BEGIN Excerpted records

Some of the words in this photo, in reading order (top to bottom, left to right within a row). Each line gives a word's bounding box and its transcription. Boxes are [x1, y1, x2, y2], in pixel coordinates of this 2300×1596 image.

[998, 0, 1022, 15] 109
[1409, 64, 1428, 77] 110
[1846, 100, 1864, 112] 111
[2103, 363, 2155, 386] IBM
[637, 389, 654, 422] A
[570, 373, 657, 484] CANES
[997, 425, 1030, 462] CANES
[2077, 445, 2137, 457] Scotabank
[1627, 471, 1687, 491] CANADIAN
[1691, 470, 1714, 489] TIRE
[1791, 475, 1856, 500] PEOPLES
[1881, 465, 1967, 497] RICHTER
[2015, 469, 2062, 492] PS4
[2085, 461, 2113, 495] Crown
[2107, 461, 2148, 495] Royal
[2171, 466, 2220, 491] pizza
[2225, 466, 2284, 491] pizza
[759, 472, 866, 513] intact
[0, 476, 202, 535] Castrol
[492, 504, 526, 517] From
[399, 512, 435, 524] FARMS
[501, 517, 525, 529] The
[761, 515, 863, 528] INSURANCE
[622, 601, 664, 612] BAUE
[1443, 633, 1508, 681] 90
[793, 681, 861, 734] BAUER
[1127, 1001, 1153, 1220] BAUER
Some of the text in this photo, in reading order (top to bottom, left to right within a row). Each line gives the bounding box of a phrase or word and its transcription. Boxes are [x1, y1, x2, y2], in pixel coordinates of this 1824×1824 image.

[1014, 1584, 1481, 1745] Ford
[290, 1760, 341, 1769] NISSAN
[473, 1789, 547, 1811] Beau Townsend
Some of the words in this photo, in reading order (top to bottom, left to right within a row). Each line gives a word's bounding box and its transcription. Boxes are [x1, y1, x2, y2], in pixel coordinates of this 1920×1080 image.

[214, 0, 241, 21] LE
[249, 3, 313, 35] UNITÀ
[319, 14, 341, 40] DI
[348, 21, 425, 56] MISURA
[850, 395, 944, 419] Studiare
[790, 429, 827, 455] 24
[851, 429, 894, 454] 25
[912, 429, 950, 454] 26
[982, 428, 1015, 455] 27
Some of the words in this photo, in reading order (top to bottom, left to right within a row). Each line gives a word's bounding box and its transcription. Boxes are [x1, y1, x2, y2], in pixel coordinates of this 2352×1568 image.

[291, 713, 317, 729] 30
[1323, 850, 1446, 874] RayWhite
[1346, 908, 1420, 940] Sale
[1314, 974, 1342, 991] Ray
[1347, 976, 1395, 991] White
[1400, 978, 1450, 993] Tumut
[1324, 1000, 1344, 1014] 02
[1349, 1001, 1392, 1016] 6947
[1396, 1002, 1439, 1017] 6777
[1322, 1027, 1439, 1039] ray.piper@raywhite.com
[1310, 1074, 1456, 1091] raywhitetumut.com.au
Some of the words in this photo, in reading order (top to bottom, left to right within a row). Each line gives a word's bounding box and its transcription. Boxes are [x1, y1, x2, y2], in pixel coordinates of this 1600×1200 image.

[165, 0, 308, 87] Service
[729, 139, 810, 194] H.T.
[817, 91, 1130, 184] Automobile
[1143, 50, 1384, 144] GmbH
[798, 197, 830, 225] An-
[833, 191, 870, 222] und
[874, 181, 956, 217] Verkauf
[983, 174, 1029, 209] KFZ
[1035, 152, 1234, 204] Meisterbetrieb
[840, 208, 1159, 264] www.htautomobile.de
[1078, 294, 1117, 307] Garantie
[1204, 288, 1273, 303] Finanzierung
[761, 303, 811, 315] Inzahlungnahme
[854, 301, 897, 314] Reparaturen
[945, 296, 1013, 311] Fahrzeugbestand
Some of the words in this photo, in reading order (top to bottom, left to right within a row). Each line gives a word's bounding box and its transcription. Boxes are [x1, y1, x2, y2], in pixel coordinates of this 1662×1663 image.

END Excerpted records

A word-for-word transcription of all the data is needed.

> _Output for this exercise_
Some of the words in this photo, in reading order (top to bottom, left to right within a row). Each line gives a word's bounding box and its transcription. Boxes are [x1, y1, x2, y2], in pixel coordinates of this 2300×1596 image.

[998, 0, 1022, 15] 109
[1409, 64, 1428, 77] 110
[1846, 100, 1864, 112] 111
[2103, 363, 2155, 386] IBM
[637, 389, 654, 422] A
[570, 373, 657, 484] CANES
[997, 425, 1030, 462] CANES
[2077, 445, 2137, 457] Scotabank
[1627, 471, 1687, 491] CANADIAN
[1691, 470, 1714, 489] TIRE
[1791, 475, 1856, 500] PEOPLES
[1881, 465, 1967, 497] RICHTER
[2015, 469, 2062, 492] PS4
[2085, 461, 2113, 495] Crown
[2107, 461, 2148, 495] Royal
[2171, 466, 2220, 491] pizza
[2225, 466, 2284, 491] pizza
[759, 472, 866, 513] intact
[0, 476, 202, 535] Castrol
[492, 504, 526, 517] From
[399, 512, 435, 524] FARMS
[501, 517, 525, 529] The
[761, 515, 863, 528] INSURANCE
[622, 601, 664, 612] BAUE
[1443, 633, 1508, 681] 90
[793, 681, 861, 734] BAUER
[1127, 1001, 1153, 1220] BAUER
Some of the text in this photo, in reading order (top to bottom, left to right within a row). Each line gives the bounding box of a phrase or word and its transcription. Boxes are [x1, y1, x2, y2], in pixel coordinates of this 1824×1824 image.

[1014, 1584, 1481, 1745] Ford
[290, 1760, 341, 1769] NISSAN
[473, 1789, 547, 1811] Beau Townsend
Some of the words in this photo, in reading order (top to bottom, left to right within a row). Each line gives a word's bounding box and its transcription. Boxes are [x1, y1, x2, y2], in pixel coordinates of this 1920×1080 image.

[214, 0, 241, 21] LE
[249, 3, 313, 35] UNITÀ
[319, 14, 341, 40] DI
[348, 21, 425, 56] MISURA
[850, 395, 944, 419] Studiare
[790, 429, 827, 455] 24
[851, 429, 894, 454] 25
[912, 429, 950, 454] 26
[982, 428, 1015, 455] 27
Some of the words in this photo, in reading order (top to bottom, left to right within a row). Each line gives a word's bounding box and its transcription. Boxes are [x1, y1, x2, y2], in pixel coordinates of this 2352×1568 image.

[291, 713, 317, 729] 30
[1323, 850, 1446, 874] RayWhite
[1346, 908, 1420, 940] Sale
[1314, 974, 1342, 991] Ray
[1347, 976, 1395, 991] White
[1400, 978, 1450, 993] Tumut
[1324, 1000, 1344, 1014] 02
[1349, 1001, 1392, 1016] 6947
[1396, 1002, 1439, 1017] 6777
[1322, 1027, 1439, 1039] ray.piper@raywhite.com
[1310, 1074, 1456, 1091] raywhitetumut.com.au
Some of the words in this photo, in reading order (top to bottom, left to right within a row). Each line gives a word's bounding box and its transcription. Boxes are [x1, y1, x2, y2], in pixel coordinates of this 1600×1200 image.

[165, 0, 308, 87] Service
[729, 139, 810, 194] H.T.
[817, 91, 1130, 184] Automobile
[1143, 50, 1384, 144] GmbH
[798, 197, 830, 225] An-
[833, 191, 870, 222] und
[874, 181, 956, 217] Verkauf
[983, 174, 1029, 209] KFZ
[1035, 152, 1234, 204] Meisterbetrieb
[840, 208, 1159, 264] www.htautomobile.de
[1078, 294, 1117, 307] Garantie
[1204, 288, 1273, 303] Finanzierung
[761, 303, 811, 315] Inzahlungnahme
[854, 301, 897, 314] Reparaturen
[945, 296, 1013, 311] Fahrzeugbestand
Some of the words in this photo, in reading order (top to bottom, left to right within a row). Each line gives a word's bounding box and its transcription. Boxes are [x1, y1, x2, y2], in pixel coordinates of this 1662×1663 image.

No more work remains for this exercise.